The situation for 200 gorillas who still resist in a park in Congo is getting worse
By Vilma Gryzinski, for Veja Magazine (July 25, 2012)
Since Congo is probably the worst place on earth for humans to live, imagine for a few mountain gorillas that remain in the wild. Totally, there are about 700 animals remaining in the wild. About 200 of them are at Virunga National Park, where an already difficult situation worsed again in recent weeks, with the increase of the deadly activities of a number of armed groups that have transformed the country into a hell.
Gorillas, usually plagued by “illegal” hunters – a concept difficult to be applied in Congo – and even shot by soldiers with or without uniform just for fun, are less protected after most of the park staff had to be moved to protect thenselves from further fighting. About forty obstinated people of the staff continued there. Among them, Patrick Karabaranga, one of the commissioners to treat of four orphaned gorillas, which can only survive with the help of caregivers, responsible for everything they need most: food, petting and lap, even if they are not babies anymore.

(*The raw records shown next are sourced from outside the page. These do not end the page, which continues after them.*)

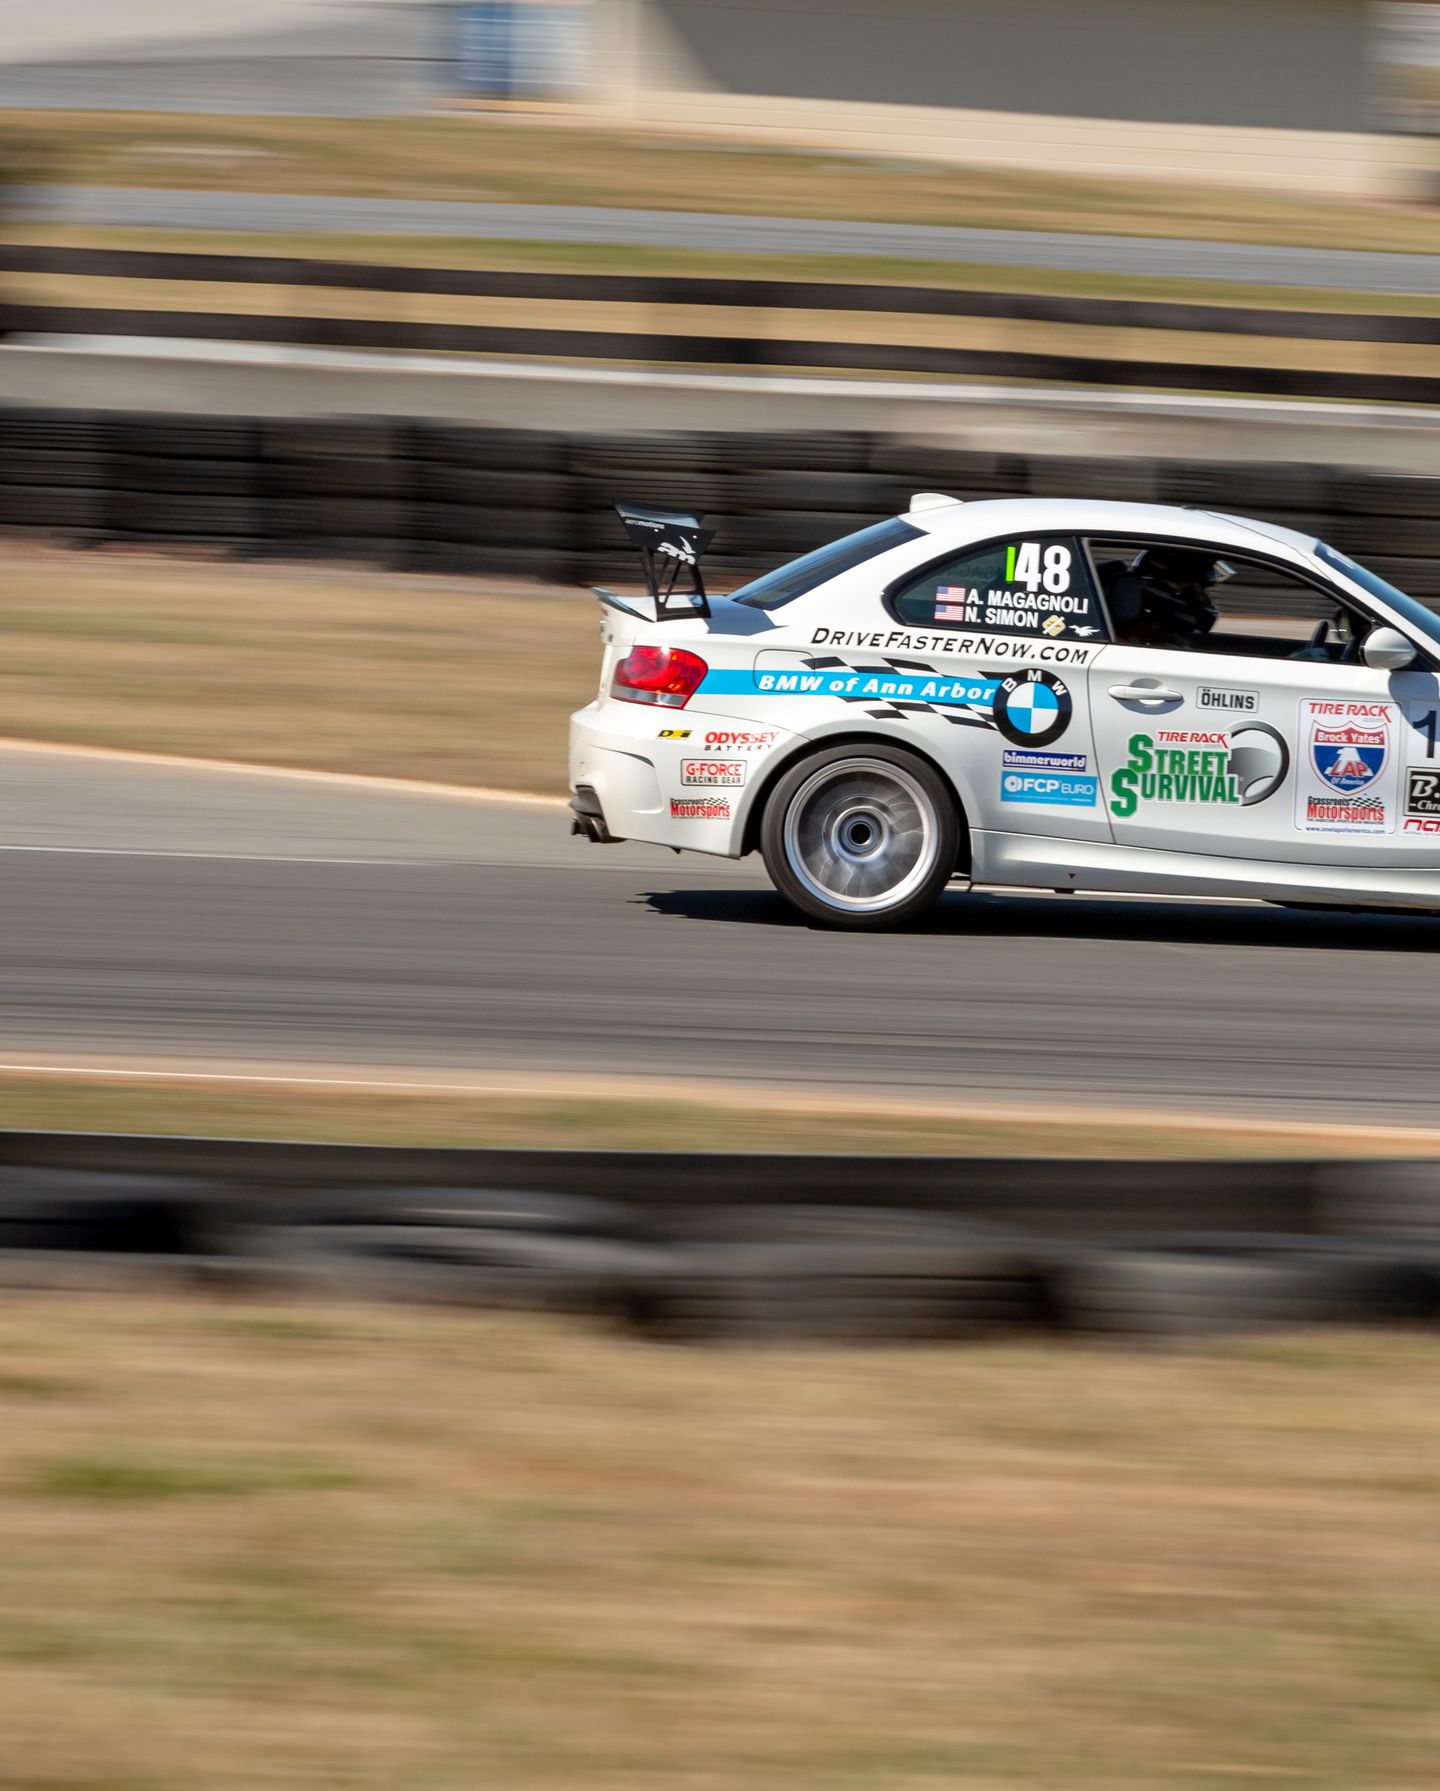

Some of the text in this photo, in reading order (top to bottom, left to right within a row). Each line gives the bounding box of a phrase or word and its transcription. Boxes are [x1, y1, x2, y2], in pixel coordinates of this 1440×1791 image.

[966, 588, 1089, 615] A. MAGAGNOLI
[965, 606, 1039, 628] N. SIMON
[758, 674, 996, 701] BMW of Ann Arbor
[1201, 689, 1255, 710] ÖHLINS
[1309, 703, 1392, 723] TIRE RACK
[704, 731, 780, 744] ODYSSEY
[1158, 731, 1229, 748] TIRE RACK
[1317, 732, 1348, 743] Brock
[1003, 752, 1086, 767] bimmerworld
[1127, 733, 1228, 776] STREET
[686, 763, 742, 776] G-FORCE
[1329, 760, 1369, 777] LAP
[1023, 778, 1095, 796] FCP EURO
[1111, 768, 1240, 817] SURVIVAL
[670, 804, 730, 818] Motorsports
[1307, 803, 1385, 822] Motorsports
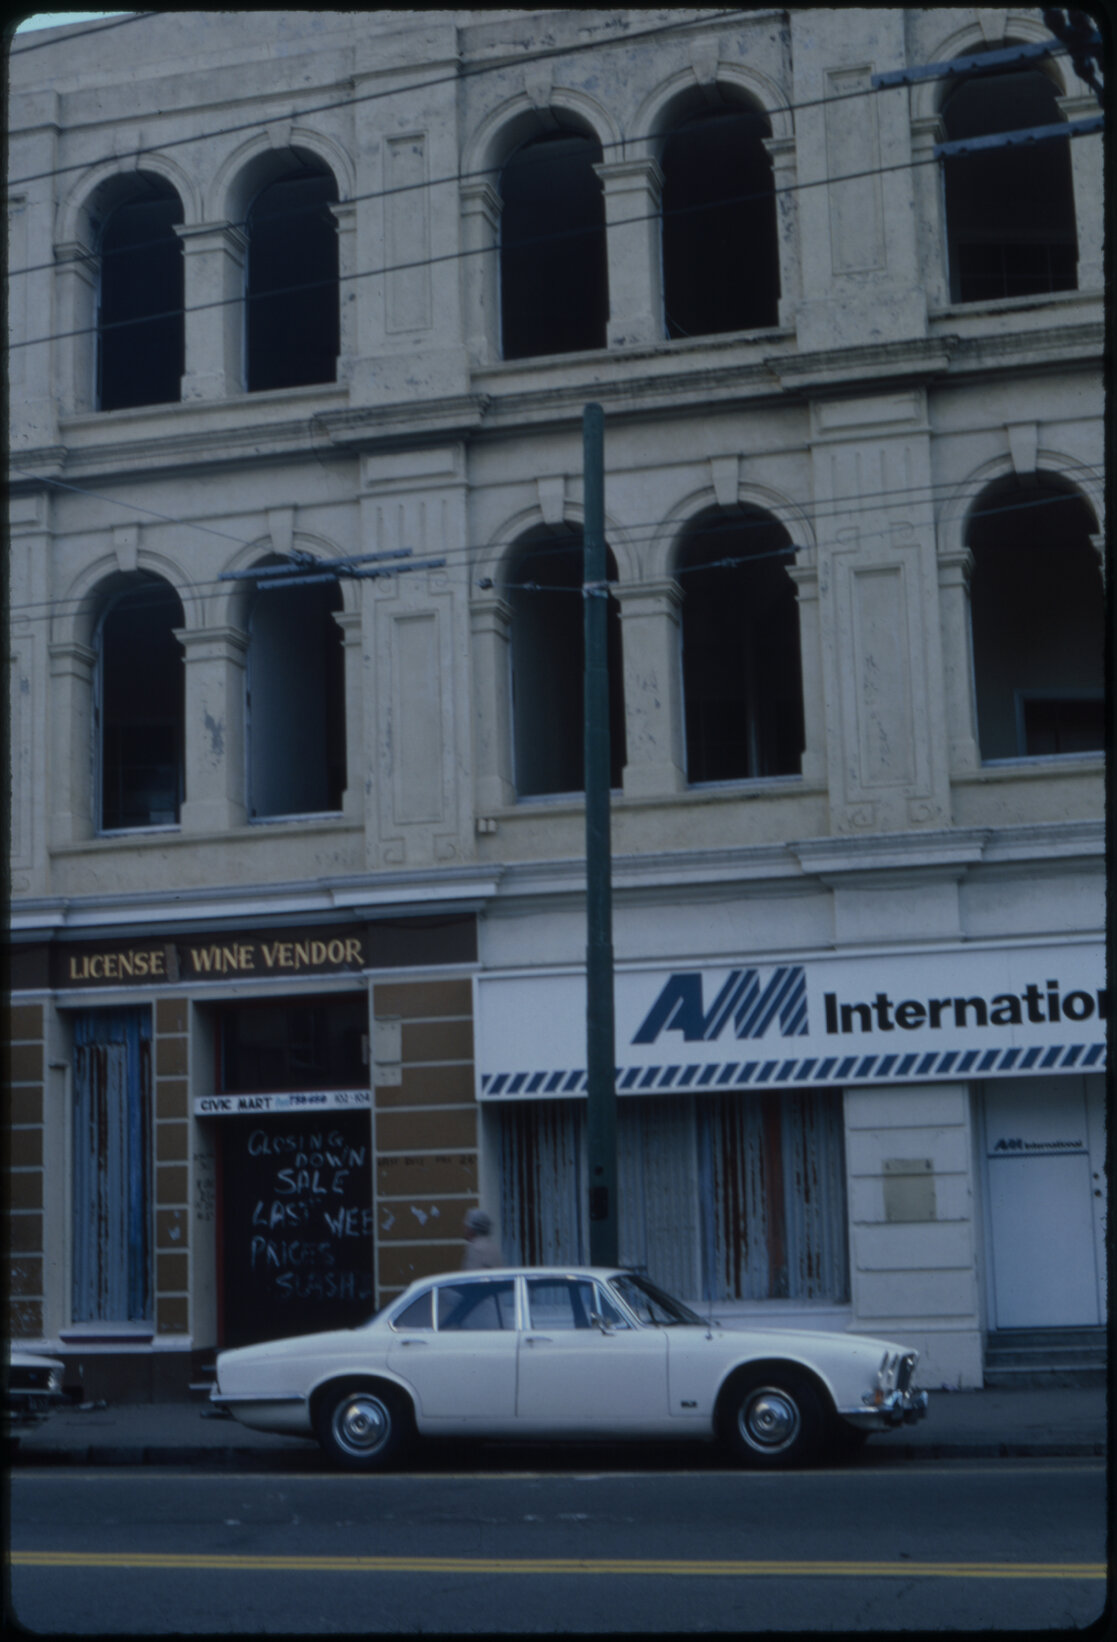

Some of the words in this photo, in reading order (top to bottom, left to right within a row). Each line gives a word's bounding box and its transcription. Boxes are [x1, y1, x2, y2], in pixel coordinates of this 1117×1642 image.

[69, 949, 172, 980] LICENSE
[190, 943, 254, 973] WINE
[261, 939, 365, 969] VENDOR
[823, 979, 1106, 1034] Internatio
[238, 1097, 273, 1111] MART
[248, 1129, 345, 1157] CLOSING
[295, 1146, 365, 1169] DOWN
[274, 1167, 350, 1194] SALE

Mountain gorillas live in a beautiful and damned region of Congo, where the intractable disputes among ethnic groups, tribes, rival politicians, military ambitious and aggressive neighbors caused the last fifteen years to be called First and Second World Wars in Africa. Hunger, forced displacement, warfare, purges, riots, killings and constant practice of mass rapes have created devastation on a scale difficult to be measured – the number of dead people is estimated at somewhere between 1 million and 5 million. For the rare gorillas squeezed in the middle of so many disasters, there is only one certainty: they are hopelessly condemned. The fact of some of them have laps is a small victory of the human spirit.